═══ EXERCISE DATA

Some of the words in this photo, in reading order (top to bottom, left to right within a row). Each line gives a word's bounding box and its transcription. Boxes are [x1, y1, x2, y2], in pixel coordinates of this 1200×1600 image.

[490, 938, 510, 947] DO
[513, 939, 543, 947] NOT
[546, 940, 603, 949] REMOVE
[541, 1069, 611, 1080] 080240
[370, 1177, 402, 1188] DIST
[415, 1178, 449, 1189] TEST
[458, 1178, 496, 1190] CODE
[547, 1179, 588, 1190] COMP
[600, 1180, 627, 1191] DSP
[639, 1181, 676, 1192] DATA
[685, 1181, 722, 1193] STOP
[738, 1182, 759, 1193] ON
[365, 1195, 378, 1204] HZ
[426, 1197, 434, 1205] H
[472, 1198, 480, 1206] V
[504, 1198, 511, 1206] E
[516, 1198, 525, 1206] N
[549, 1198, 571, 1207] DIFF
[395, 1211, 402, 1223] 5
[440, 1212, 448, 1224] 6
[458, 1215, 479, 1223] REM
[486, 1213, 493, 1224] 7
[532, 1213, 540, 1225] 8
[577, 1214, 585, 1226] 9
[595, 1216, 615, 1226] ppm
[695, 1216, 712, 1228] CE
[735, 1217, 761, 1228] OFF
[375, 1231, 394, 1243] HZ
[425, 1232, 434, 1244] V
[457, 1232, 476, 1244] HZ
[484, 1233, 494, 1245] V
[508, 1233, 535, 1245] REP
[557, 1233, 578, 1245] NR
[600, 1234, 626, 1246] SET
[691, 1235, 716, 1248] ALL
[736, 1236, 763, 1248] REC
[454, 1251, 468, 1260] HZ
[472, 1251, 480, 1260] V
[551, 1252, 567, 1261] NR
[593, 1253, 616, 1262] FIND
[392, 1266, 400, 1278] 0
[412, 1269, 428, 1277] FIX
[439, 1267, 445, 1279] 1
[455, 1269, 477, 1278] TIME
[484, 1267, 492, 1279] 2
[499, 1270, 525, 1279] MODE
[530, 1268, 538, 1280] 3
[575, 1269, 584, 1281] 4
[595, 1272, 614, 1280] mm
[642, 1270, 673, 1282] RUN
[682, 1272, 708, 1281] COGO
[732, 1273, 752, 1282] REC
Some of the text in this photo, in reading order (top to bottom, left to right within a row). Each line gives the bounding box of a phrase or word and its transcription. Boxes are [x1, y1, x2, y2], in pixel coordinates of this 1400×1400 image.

══════

For this exercise, the records above must be returned exactly.

* _EXERCISE RESULT_
Some of the words in this photo, in reading order (top to bottom, left to right within a row). Each line gives a word's bounding box and its transcription. Boxes are [x1, y1, x2, y2], in pixel coordinates of this 1200×1600 image.

[490, 938, 510, 947] DO
[513, 939, 543, 947] NOT
[546, 940, 603, 949] REMOVE
[541, 1069, 611, 1080] 080240
[370, 1177, 402, 1188] DIST
[415, 1178, 449, 1189] TEST
[458, 1178, 496, 1190] CODE
[547, 1179, 588, 1190] COMP
[600, 1180, 627, 1191] DSP
[639, 1181, 676, 1192] DATA
[685, 1181, 722, 1193] STOP
[738, 1182, 759, 1193] ON
[365, 1195, 378, 1204] HZ
[426, 1197, 434, 1205] H
[472, 1198, 480, 1206] V
[504, 1198, 511, 1206] E
[516, 1198, 525, 1206] N
[549, 1198, 571, 1207] DIFF
[395, 1211, 402, 1223] 5
[440, 1212, 448, 1224] 6
[458, 1215, 479, 1223] REM
[486, 1213, 493, 1224] 7
[532, 1213, 540, 1225] 8
[577, 1214, 585, 1226] 9
[595, 1216, 615, 1226] ppm
[695, 1216, 712, 1228] CE
[735, 1217, 761, 1228] OFF
[375, 1231, 394, 1243] HZ
[425, 1232, 434, 1244] V
[457, 1232, 476, 1244] HZ
[484, 1233, 494, 1245] V
[508, 1233, 535, 1245] REP
[557, 1233, 578, 1245] NR
[600, 1234, 626, 1246] SET
[691, 1235, 716, 1248] ALL
[736, 1236, 763, 1248] REC
[454, 1251, 468, 1260] HZ
[472, 1251, 480, 1260] V
[551, 1252, 567, 1261] NR
[593, 1253, 616, 1262] FIND
[392, 1266, 400, 1278] 0
[412, 1269, 428, 1277] FIX
[439, 1267, 445, 1279] 1
[455, 1269, 477, 1278] TIME
[484, 1267, 492, 1279] 2
[499, 1270, 525, 1279] MODE
[530, 1268, 538, 1280] 3
[575, 1269, 584, 1281] 4
[595, 1272, 614, 1280] mm
[642, 1270, 673, 1282] RUN
[682, 1272, 708, 1281] COGO
[732, 1273, 752, 1282] REC
Some of the text in this photo, in reading order (top to bottom, left to right within a row). Each line gives the bounding box of a phrase or word and its transcription. Boxes are [x1, y1, x2, y2], in pixel coordinates of this 1400×1400 image.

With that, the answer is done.